Heather E. Wheeler, Loyola University Chicago

Author Posting © American Society of Clinical Oncology, 2016. This article is posted here by permission of American Society of Clinical Oncology for personal use, not for redistribution. The article was published in J Clin Oncol 34:2712-2720, http://dx.doi.org/10.1200/JCO.2016.66.8822.

Abstract

Purpose: Cisplatin is widely used, but highly ototoxic. Effects of cumulative cisplatin dose on hearing loss have not been comprehensively evaluated in survivors of adult-onset cancer.

Patients and Methods: Comprehensive audiological measures were conducted on 488 North American male germ cell tumor (GCT) survivors in relation to cumulative cisplatin dose, including audiograms(0.25-12 kHz), tests of middle ear function, and tinnitus. American Speech-Language-Hearing Association (ASHA) criteria defined hearing loss severity. The geometric mean of hearing thresholds(0.25-12 kHz) summarized overall hearing status consistent with audiometric guidelines. Patients were sorted into quartiles of hearing thresholds of age- and sex-matched controls.
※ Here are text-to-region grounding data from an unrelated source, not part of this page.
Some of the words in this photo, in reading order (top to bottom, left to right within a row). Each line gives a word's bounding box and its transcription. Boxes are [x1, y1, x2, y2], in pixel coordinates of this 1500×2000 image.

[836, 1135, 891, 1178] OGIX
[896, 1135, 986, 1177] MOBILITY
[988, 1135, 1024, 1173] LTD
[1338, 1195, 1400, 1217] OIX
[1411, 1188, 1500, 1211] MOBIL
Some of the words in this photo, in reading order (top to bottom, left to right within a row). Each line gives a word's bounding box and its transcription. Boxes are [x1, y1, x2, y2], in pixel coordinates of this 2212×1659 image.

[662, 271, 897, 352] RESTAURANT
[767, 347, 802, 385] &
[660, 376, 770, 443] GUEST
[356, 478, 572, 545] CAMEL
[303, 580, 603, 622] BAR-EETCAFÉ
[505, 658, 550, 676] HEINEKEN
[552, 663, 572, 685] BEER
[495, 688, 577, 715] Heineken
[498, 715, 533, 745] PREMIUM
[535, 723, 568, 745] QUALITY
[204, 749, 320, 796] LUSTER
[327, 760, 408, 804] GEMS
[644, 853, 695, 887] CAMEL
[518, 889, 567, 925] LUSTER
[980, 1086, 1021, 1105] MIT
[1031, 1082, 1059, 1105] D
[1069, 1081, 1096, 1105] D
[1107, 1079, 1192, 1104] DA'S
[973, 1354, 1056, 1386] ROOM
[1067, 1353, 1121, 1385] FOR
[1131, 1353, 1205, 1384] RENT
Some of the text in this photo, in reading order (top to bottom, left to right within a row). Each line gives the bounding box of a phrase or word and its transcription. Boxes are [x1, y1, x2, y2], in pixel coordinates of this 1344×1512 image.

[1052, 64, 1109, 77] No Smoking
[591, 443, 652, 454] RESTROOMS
Results: Increasing cumulative cisplatin dose (median=400 mg/m2; range 200-800) was significantly related to hearing loss at 4, 6, 8, 10 and 12 kHz (P-trends: 0.021-0.00044): every 100 mg/m2 increase resulted in a 3.2-dB impairment in age-adjusted overall hearing threshold (4-12 kHz, p=0.00079). Cumulative cisplatin doses >300 mg/m2 were associated with greater ASHA-defined hearing loss severity (OR=1.59, p=0.0066) compared to smaller amounts, doses, and to worse normative-matched quartiles (OR=1.33, p=0.093). Almost 1 in 5 (18%) patients had severe-to-profound hearing loss. Tinnitus (40% patients) was significantly correlated with reduced hearing at each frequency (p=6.6 x 10-17). Noise-induced damage (10% patients) was unaffected by cisplatin dose (p=0.59). Hypertension was significantly related(p=0.0066) to overall hearing threshold (4-12 kHz) in age-and cisplatin-dose-adjusted analyses. Middle ear deficits occurred in 22.3% patients, but as expected, were not related to cytotoxic drug dosage.

Conclusion: Follow-up of adult-onset cancer survivors given cisplatin should include routine inquiry for hearing status and tinnitus, referral to audiologists as clinically indicated, and hypertension control. Patients should be urged to avoid noise exposure, ototoxic drugs, and other factors that further damage hearing.